MPU 50, ROM 52, RAM 54, input port 56 and output port 58, interrupt circuit 60, result register (RREG) 63, input capture register (ICR) 66, output compare registers (OCR1 to OCR7) An internal address bus and an internal data bus 89 are commonly connected to 67 to 73.

The MPU 50 starts processing according to a program stored in the ROM 52 in advance. Read-only storage device ROM 52 for storing control programs and various data
There is a fuel control program and an ignition timing control program. In the fuel control program, the analog input air flow rate sensor 74 is taken in and the intake air flow rate Qa is calculated. The engine speed Ne is the input capture register (ICR) 66 into which the reference signal 65 is input.
It is obtained by measuring the period of.

On the other hand, the fuel injection time Ti is calculated by the following equation.

Ti = α · Tp · K + Ts (1) where α: O ₂ feedback correction coefficient Tp: basic fuel injection time K: sum of correction coefficients Ts: invalid injection time, which is the intake air amount into the cylinder Basic fuel injection time Tp
Is as follows.

Tp = k · Qa / Ne (2) where k: injector coefficient Qa: intake air flow rate Ne: engine speed The basic fuel injection time Tp is the intake air amount per rotation.
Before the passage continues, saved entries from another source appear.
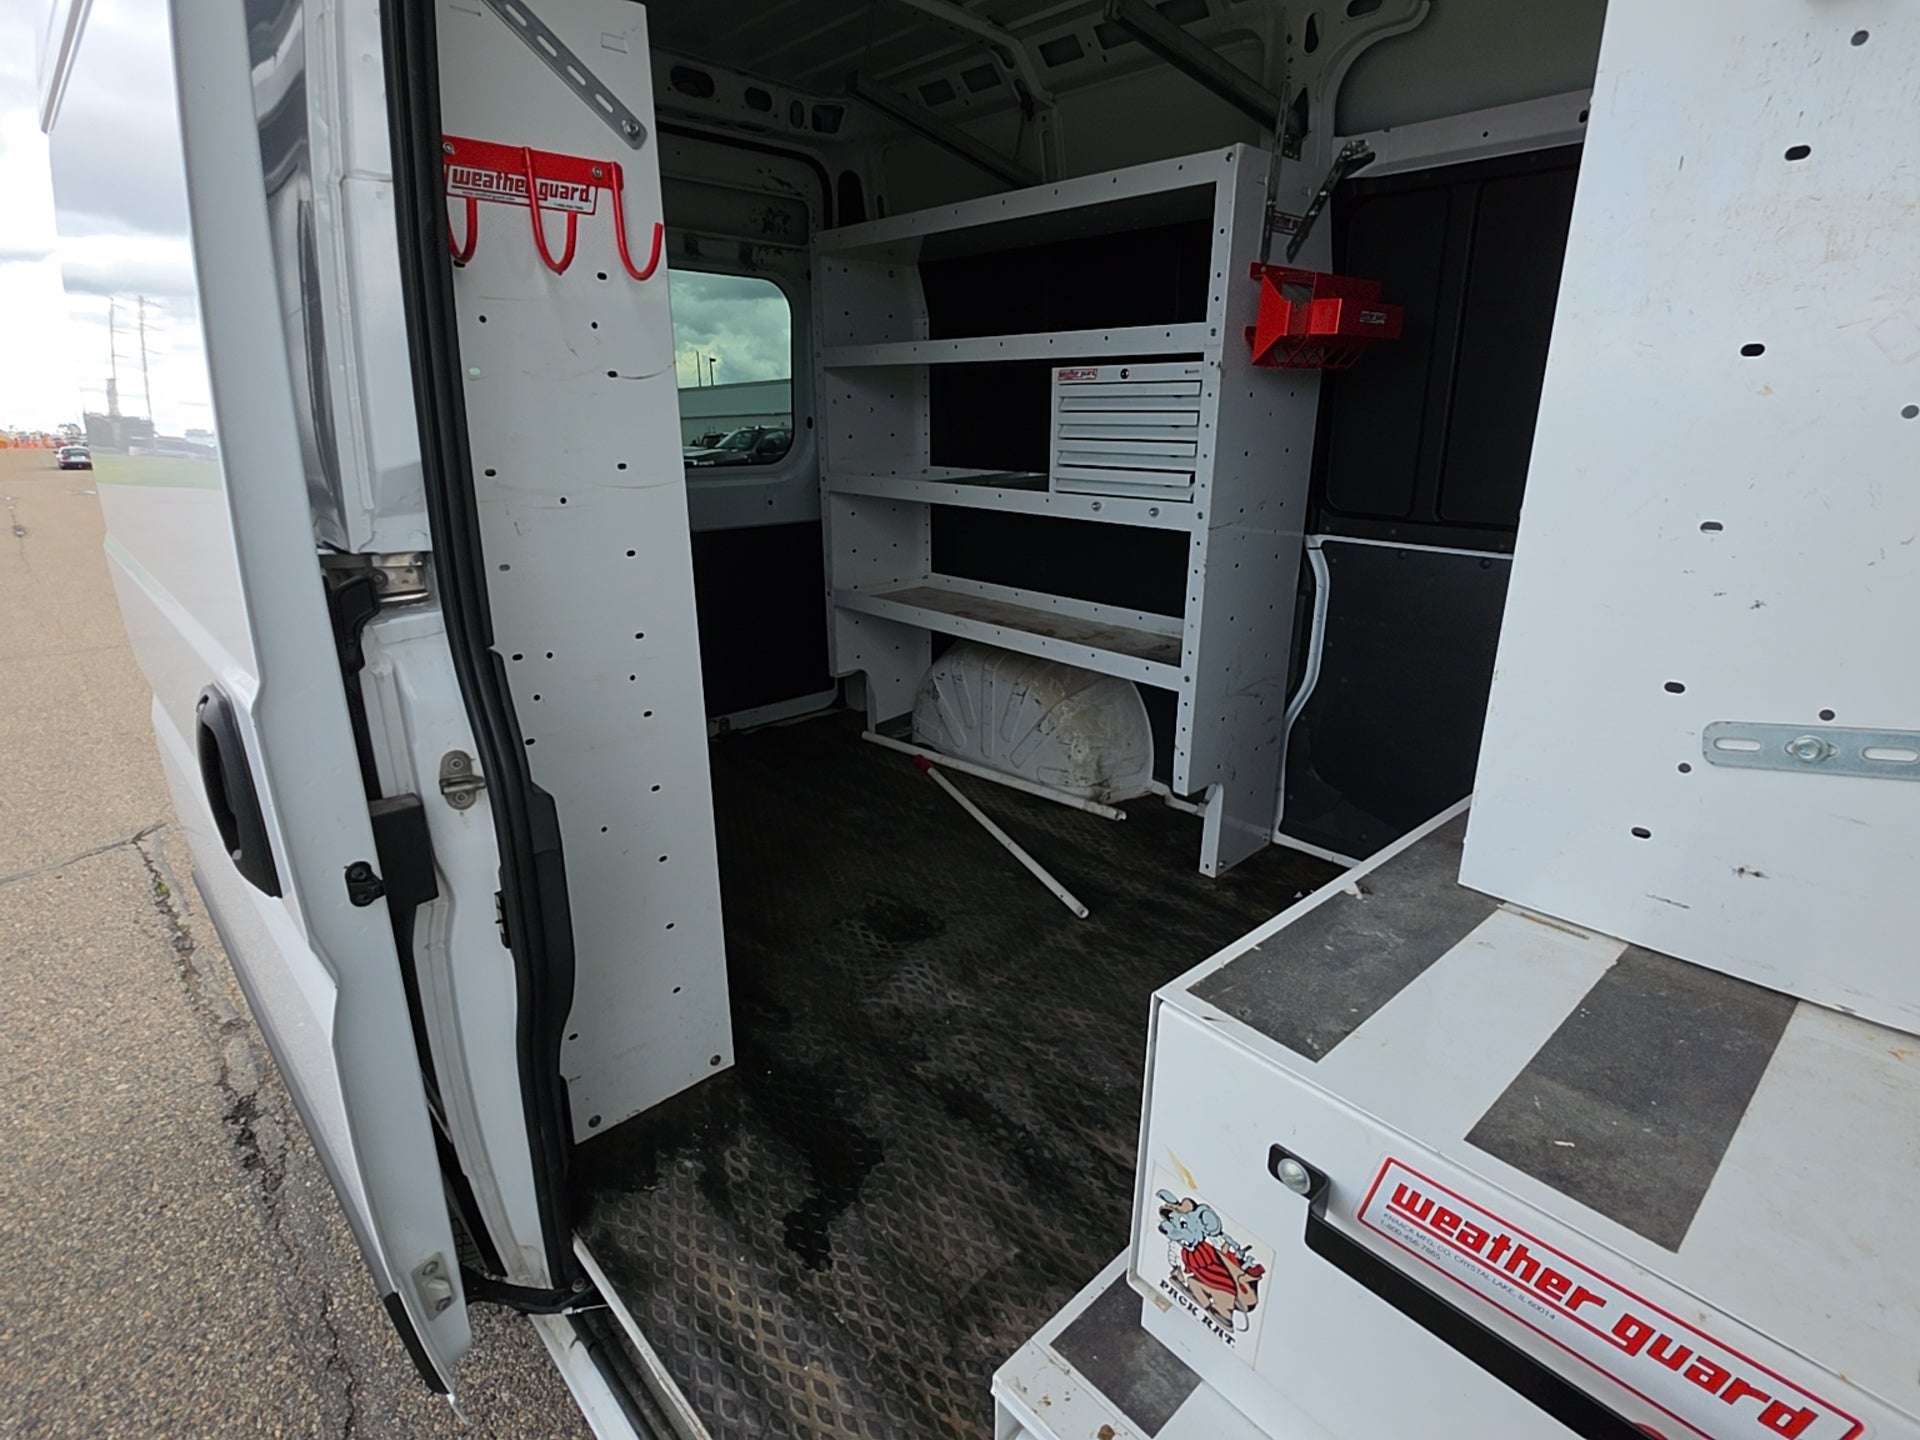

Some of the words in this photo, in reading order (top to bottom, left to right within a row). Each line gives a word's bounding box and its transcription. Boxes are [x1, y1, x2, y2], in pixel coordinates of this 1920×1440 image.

[539, 182, 589, 203] guard
[1159, 1279, 1199, 1317] PACK
[1391, 1183, 1607, 1311] weather
[1611, 1313, 1819, 1440] guard
[1454, 1254, 1492, 1282] CRYSTAL
[1527, 1299, 1556, 1320] 60014
The sum K of correction coefficients is given by the following equation.

K = 1 + Kw · Ka · Kmr · Ks · Kdec (3) where Kw: Water temperature correction coefficient Ka: After idle correction coefficient Kmr: Mixing ratio correction coefficient Ks: After start correction coefficient Kdec: Deceleration correction coefficient The fuel ratio A / F is given by the following equation from the equation (1).
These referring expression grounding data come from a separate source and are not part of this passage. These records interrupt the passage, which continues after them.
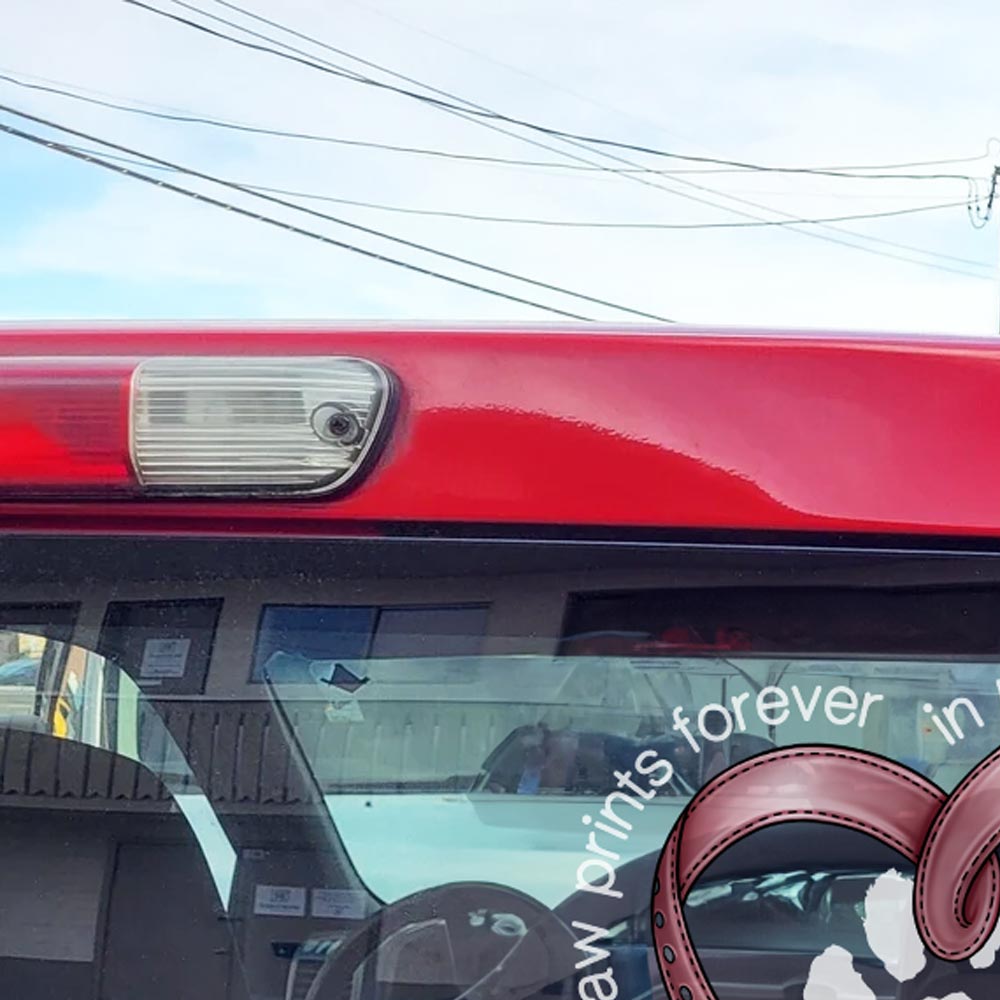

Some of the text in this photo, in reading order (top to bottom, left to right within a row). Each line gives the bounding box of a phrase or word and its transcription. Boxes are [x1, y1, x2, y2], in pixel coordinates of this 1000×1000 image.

[575, 750, 674, 899] prints
[673, 685, 884, 753] forever
[923, 698, 984, 745] in
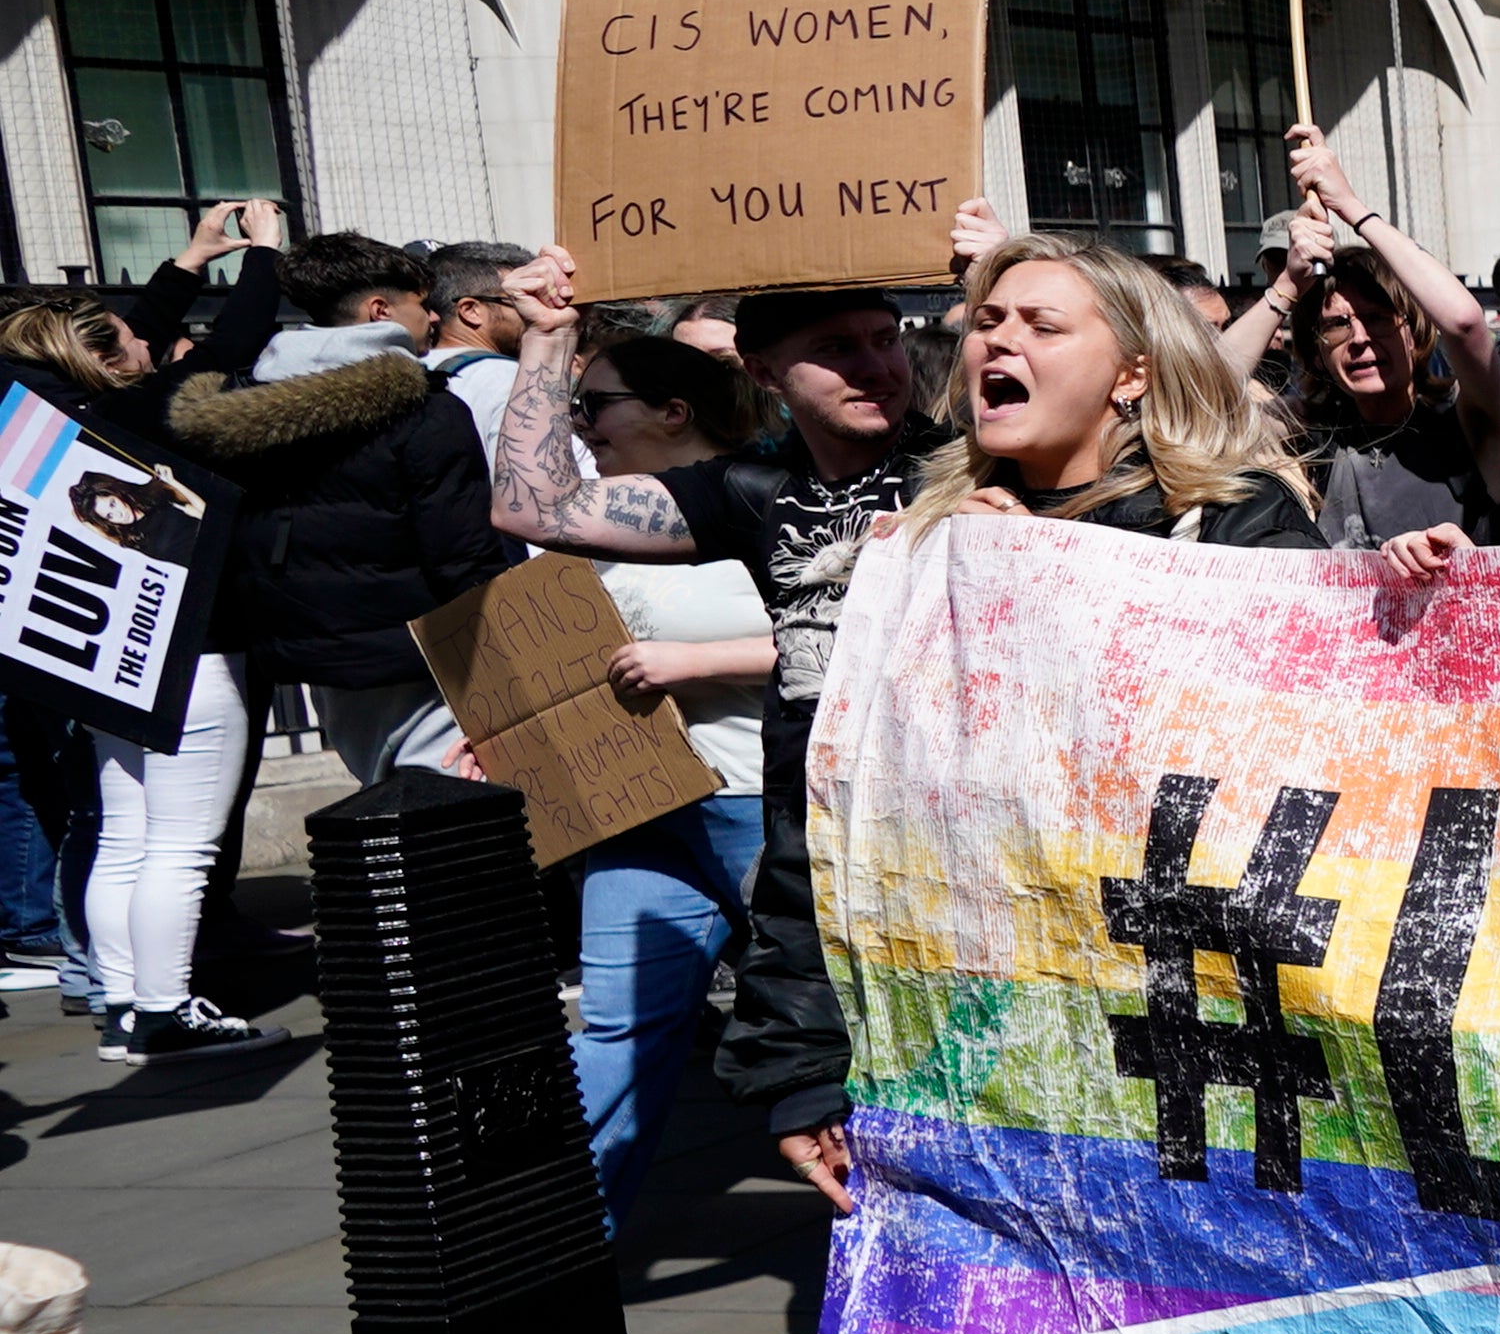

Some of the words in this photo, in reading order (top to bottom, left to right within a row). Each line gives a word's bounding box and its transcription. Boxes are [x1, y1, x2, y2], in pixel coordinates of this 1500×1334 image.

[601, 10, 701, 55] CIS
[748, 2, 948, 47] WOMEN,
[618, 90, 770, 135] THEY'RE
[804, 77, 955, 118] COMING
[591, 193, 677, 242] FOR
[710, 181, 804, 225] YOU
[838, 177, 948, 217] NEXT
[18, 524, 124, 673] LUV
[431, 565, 599, 683] TRANS
[114, 643, 148, 689] THE
[503, 766, 560, 815] RE
[557, 718, 664, 787] HUMAN
[552, 765, 675, 844] RIGHTS
A / F = Tp / (Ti-Ts) (4) Equation (4) is a ratio of the intake air amount into the cylinder (basic fuel injection time Tp) to the actual fuel injection time (Ti-Ts). It represents. The air-fuel ratio A / F can be estimated from the equation (4).

The result calculated by the equation (4) is output to the circuit 88 for displaying the duty output result of the output compare register (OCR7) 73 on the analog meter. In the circuit 88, a Zener diode ZD90 is added to suppress the battery voltage dependency. Further, regarding the display of the analog meter 92, once the display is adjusted by using the meter set adjusting resistor Rs for the working voltage, readjustment becomes unnecessary. The resistor R ₁ is used as the Zener current limiting resistor of the Zener diode ZD90. Analog meter 9
No. 2 is advantageous in that a meter with a small current value generates heat from the resistance.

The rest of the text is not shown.